Sunday, February 19, 2006

Another Week

This has been a week. Class was tough- student teaching is hard. I was a people pleaser and a grade chaser when I was in high school, and most of my students don't have that motivation. It's hard to figure out how to get them to do the stuff they need to do to get the grades, to pass the class.

On the other hand, I went to a concert this week with an attractive male acquaintance (let's call him John). The concert was great, and I don't know exactly what's going on with the acquaintance but I'm happy enough just to make a new friend. I've spent so much time taking care of my husband and sacrificing for him, it will be nice for a change to have friends I can do things with, like my female friend- let's call her Becca.

I know that I'm not really in a good place for a more serious relationship, and friendships build slowly, but let's just say that I wouldn't be adverse to some slow building between myself and John. Who knows if he even feels that way himself- I have no radar whatsoever after being with the same man for a decade. But at least he wants to go out again this week. So I wasn't boring enough (as a future friend or otherwise) to not propose another outing....

Not to mention that during the evening's conversations, he talked fiscal responsibility.
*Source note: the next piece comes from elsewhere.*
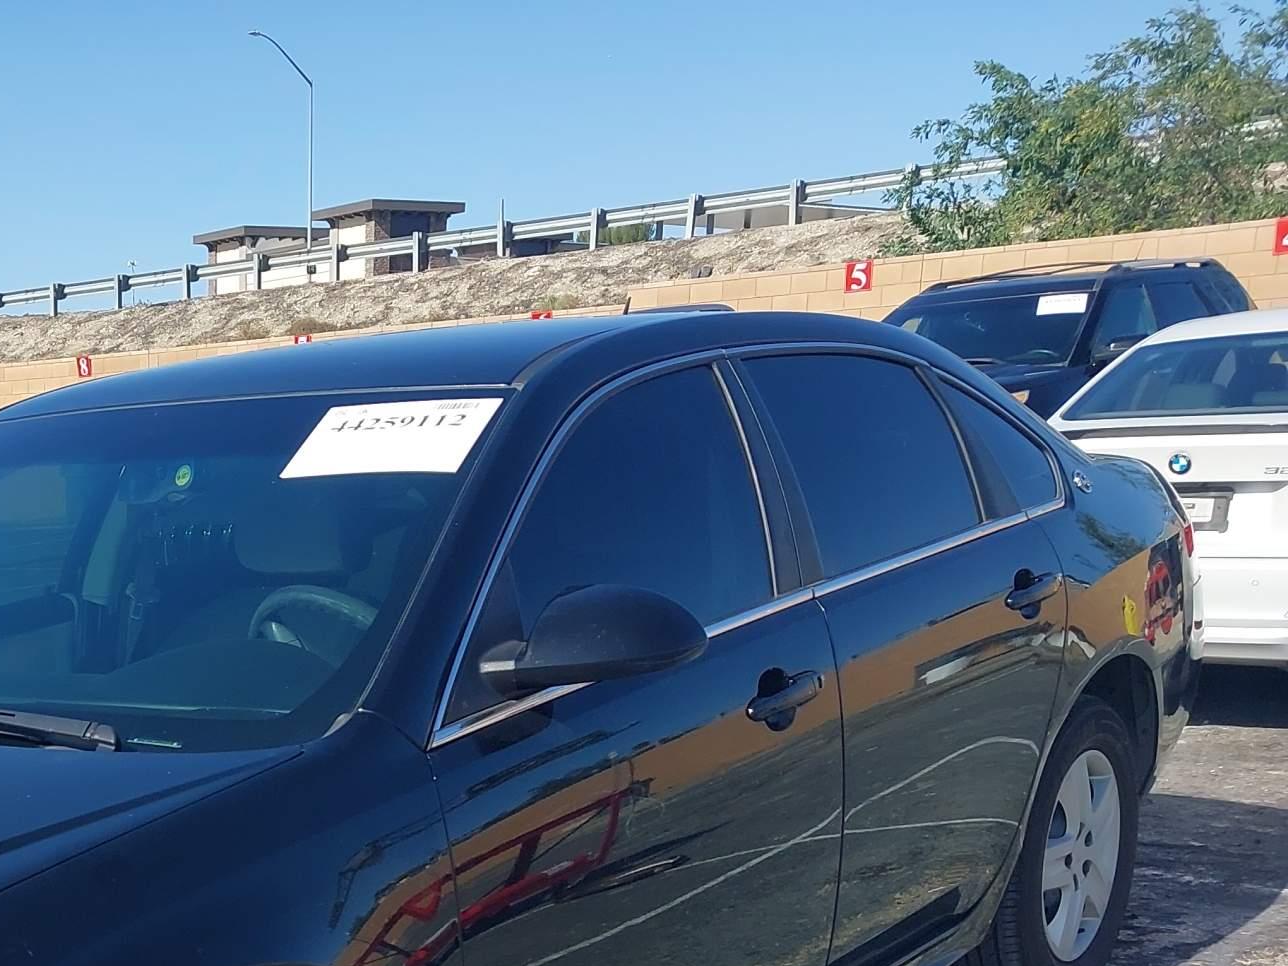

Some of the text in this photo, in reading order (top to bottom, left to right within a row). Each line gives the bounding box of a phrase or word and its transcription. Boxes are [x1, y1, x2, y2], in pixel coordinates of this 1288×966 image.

After all the second jobs and stealing I have encountered from my husband frugality really turns me on.

Yesterday when husband was over working on the house (I tried to be out most of the time he was here, but since he's not returning my phonecalls or emails about practical things such as money, the dogs, and the house I have to get him when I can) for about five minutes I thought that divorce couldn't be that bad after all he's put me through. That was the first time I've felt that way. Maybe things can move along to the upswing- I'm so tired of feeling sad, hurt, and rejected. I want to be young and carefree- at least one night a week. I've sacrificed myself and my happiness and youth for the last five years as I've dealt with a variety of avoidable and unavoidable tragedies- the two times husband lost his job, his diagnosis with schizophrena, his overspending problems, lots of things breaking in the house when I was working three jobs just to pay the NORMAL bills- I deserve to have fun once in a while.

Thursday night I had the best time I'd had in months. Maybe in over a year. I was out with an attractive guy, no matter what the meaning of that was, I was listening to a good band, I was jumping and dancing with the music and I was happy. Here's to finding that more often.

1 comment:

cmhl said...

good for you!!!! I"m glad you had fun--- fun is good.